__BRIEF__
Would you copy out the following entries exactly, without any of the pictures?

__Phrase grounding data__
========================================
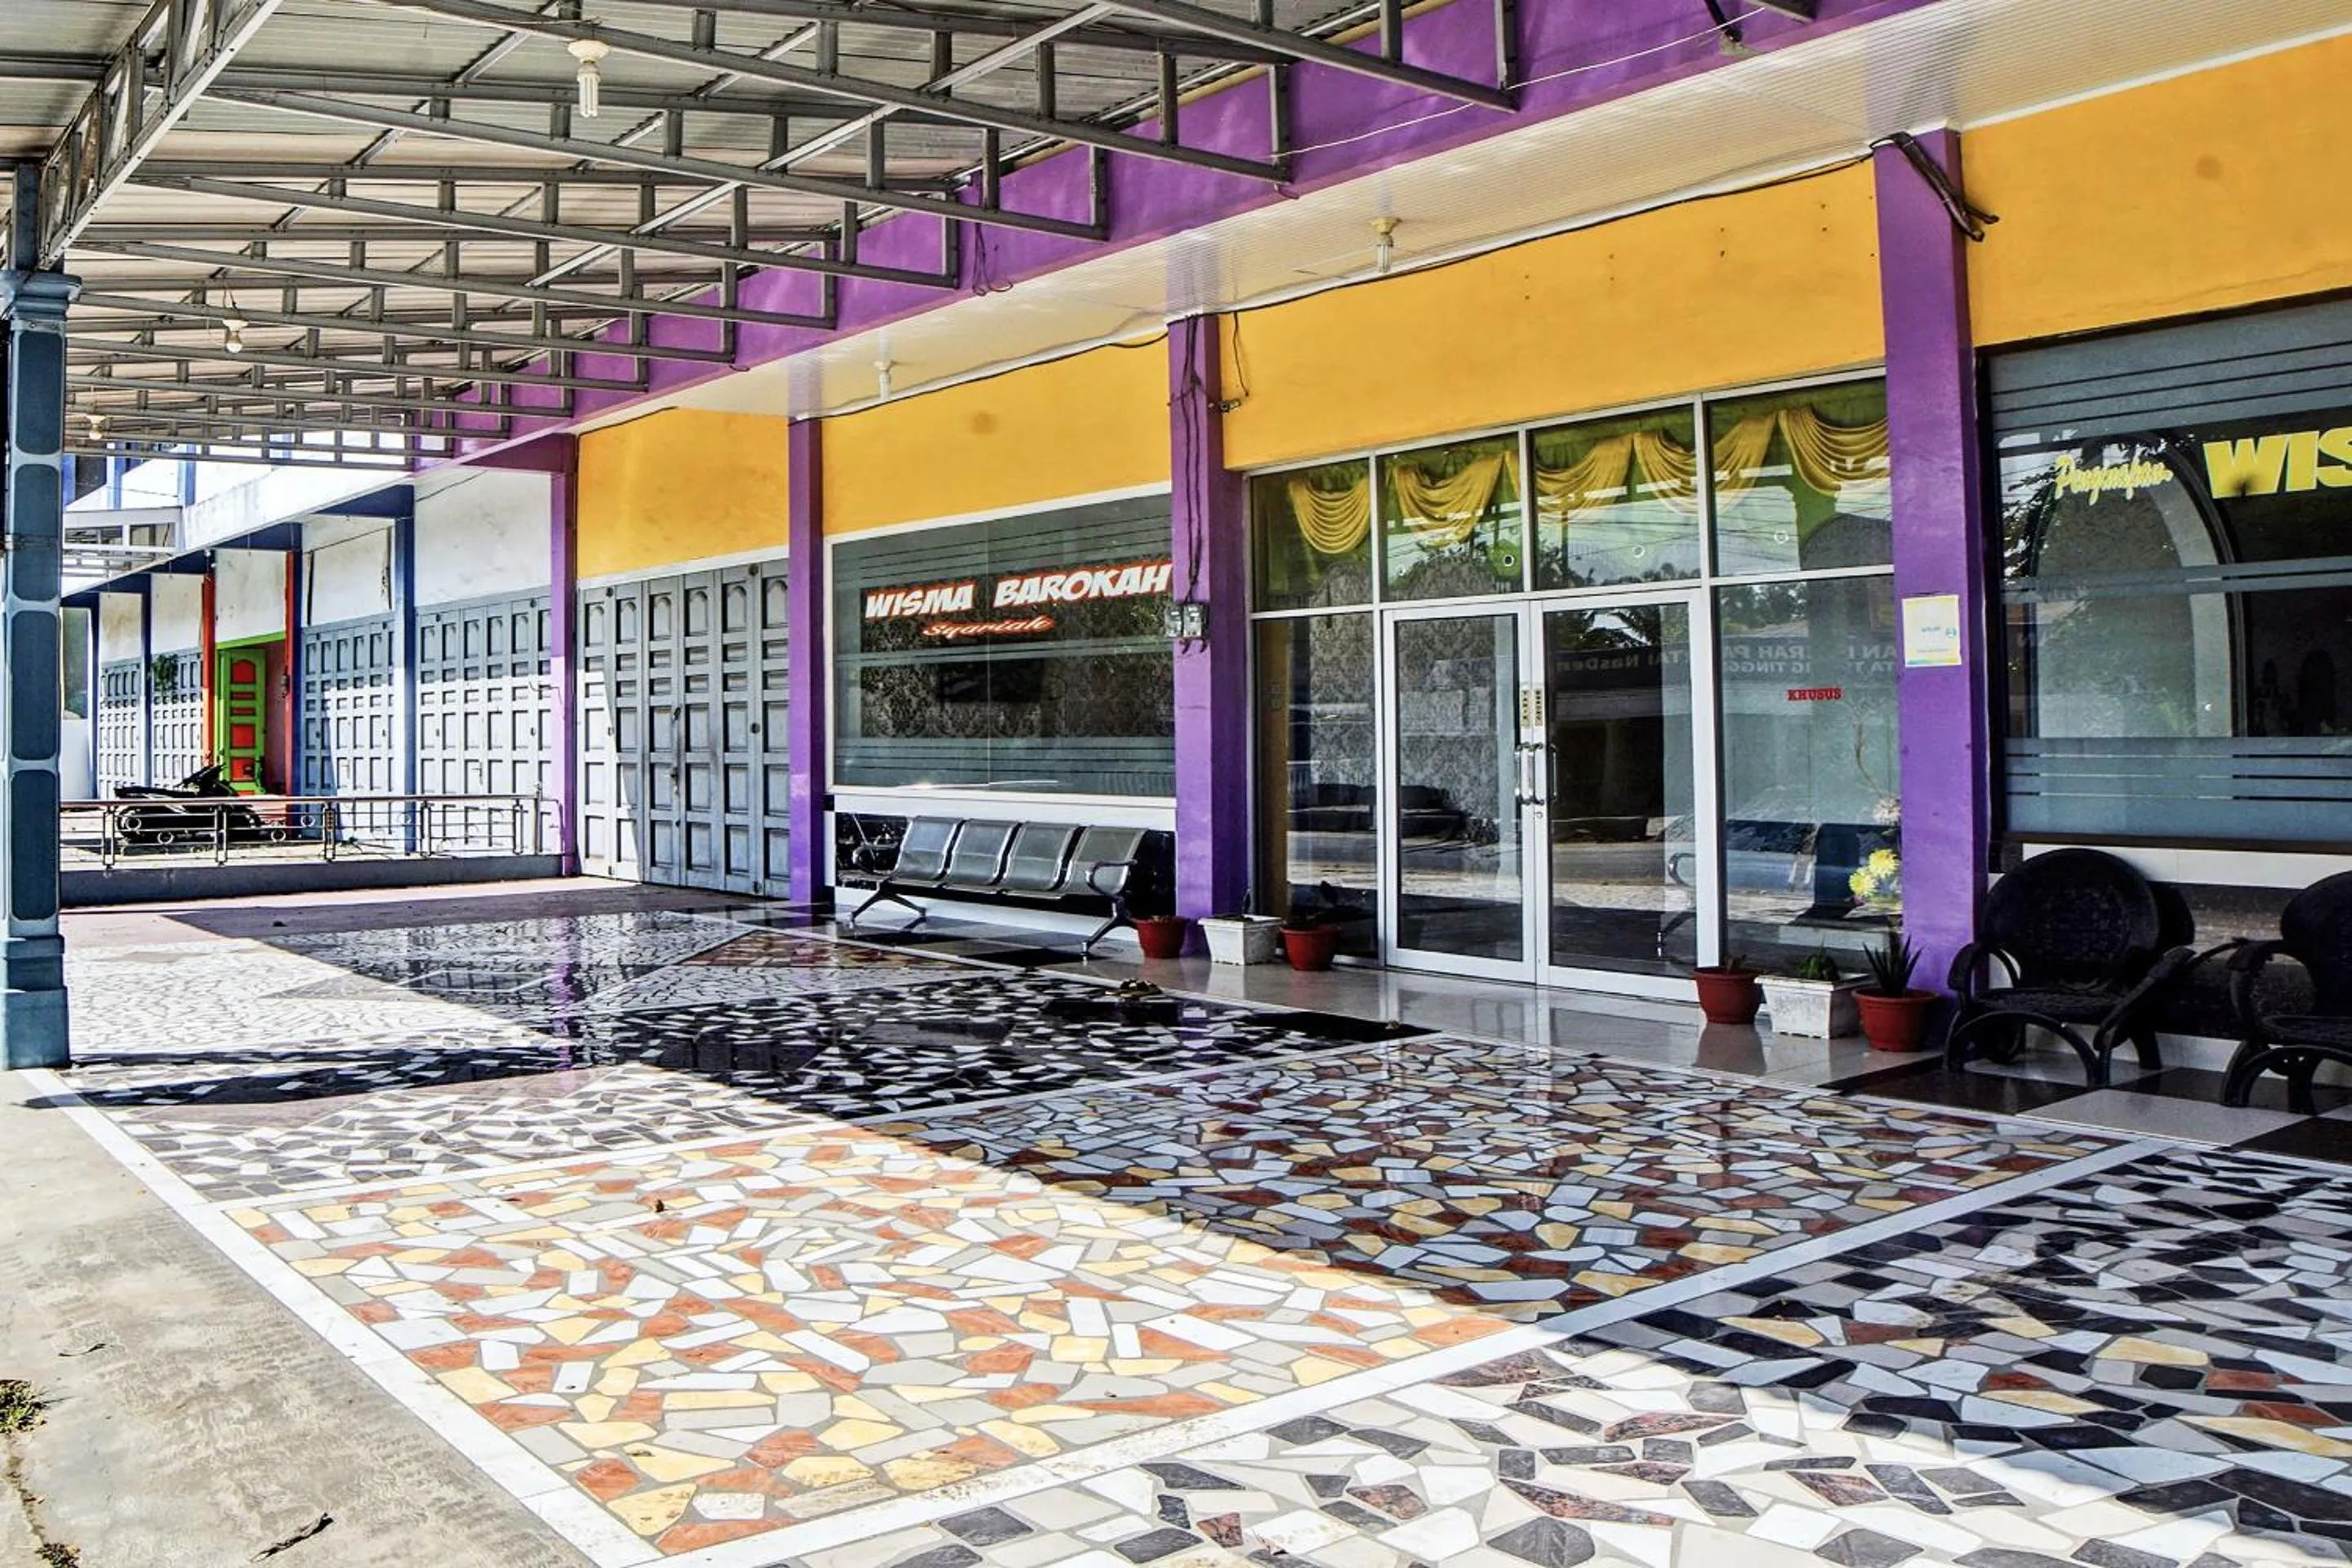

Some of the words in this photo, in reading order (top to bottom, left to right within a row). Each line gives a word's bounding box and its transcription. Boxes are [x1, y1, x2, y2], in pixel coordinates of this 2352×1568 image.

[865, 583, 974, 619] WISMA
[992, 562, 1173, 608] BAROKAH
[1788, 688, 1842, 701] KHUSUS
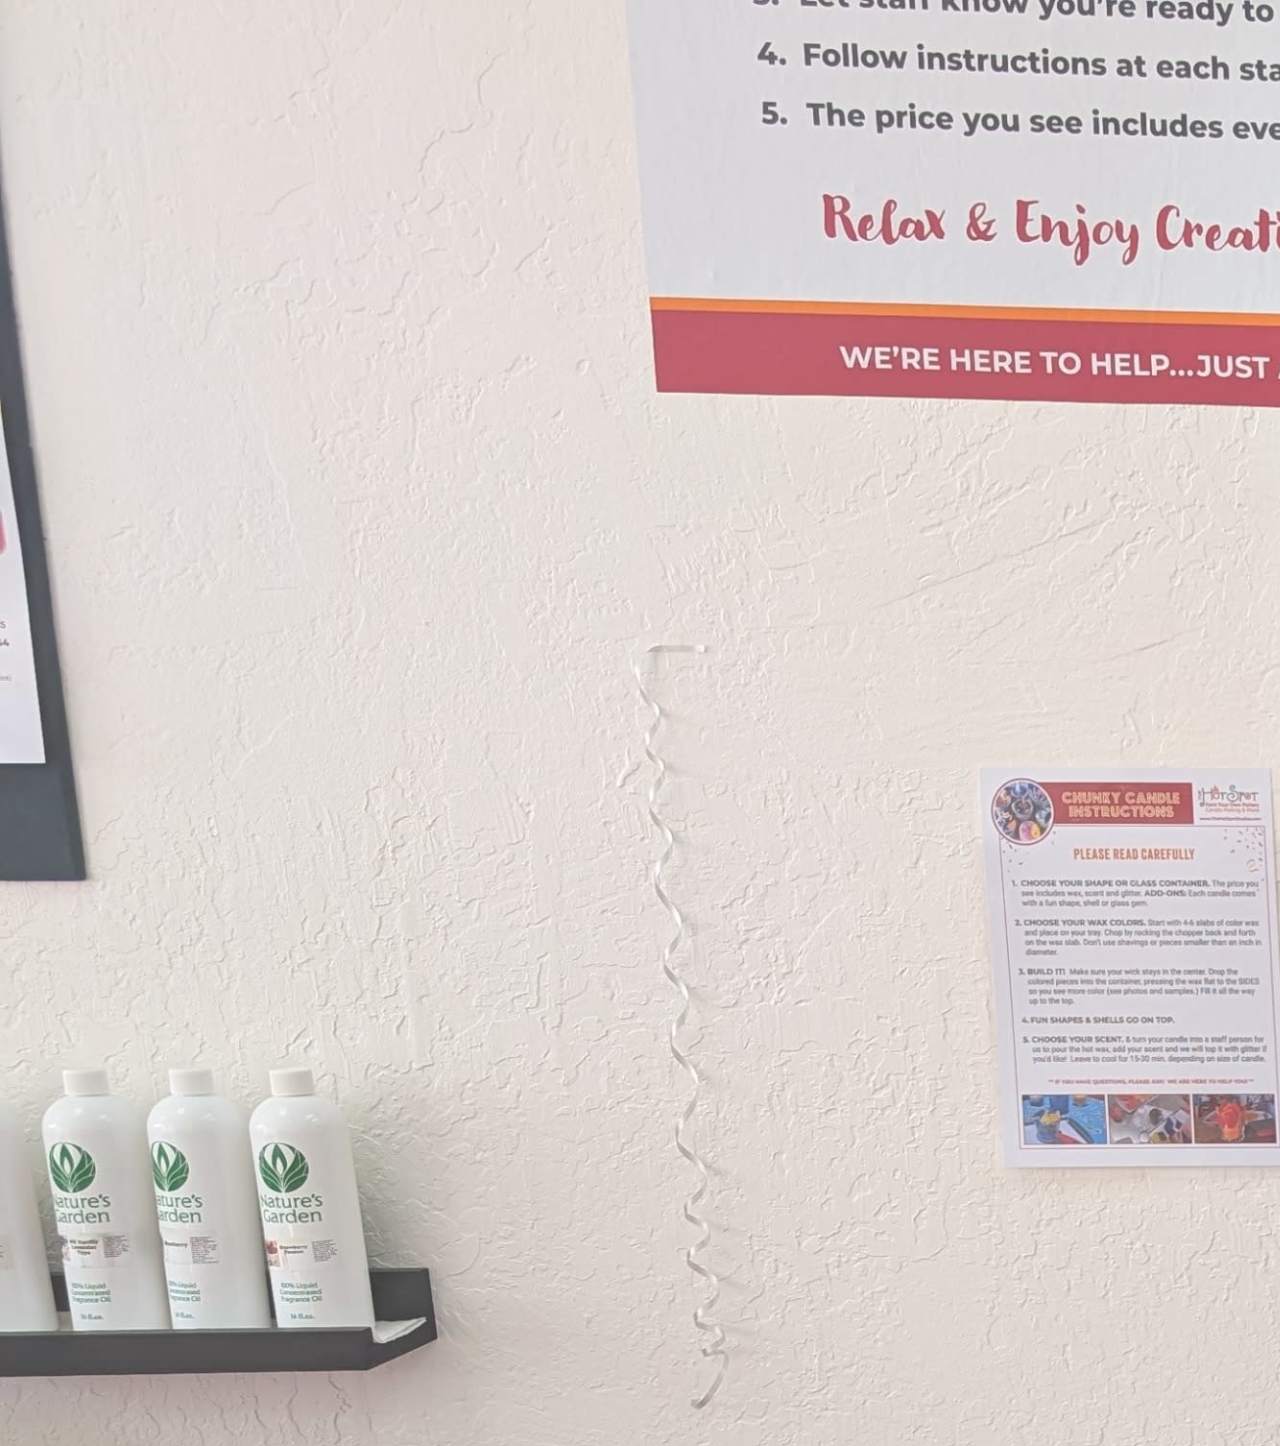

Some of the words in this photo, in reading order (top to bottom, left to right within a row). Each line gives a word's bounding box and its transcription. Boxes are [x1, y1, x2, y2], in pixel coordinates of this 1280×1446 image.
========================================
__FINISHED TASK__
Some of the words in this photo, in reading order (top to bottom, left to right within a row). Each line gives a word's bounding box and its transcription. Boxes are [x1, y1, x2, y2], in pixel coordinates of this 2352×1568 image.

[865, 583, 974, 619] WISMA
[992, 562, 1173, 608] BAROKAH
[1788, 688, 1842, 701] KHUSUS

Some of the words in this photo, in reading order (top to bottom, left to right within a row). Each line gives a word's bounding box and its transcription. Boxes are [x1, y1, x2, y2], in pixel coordinates of this 1280×1446 image.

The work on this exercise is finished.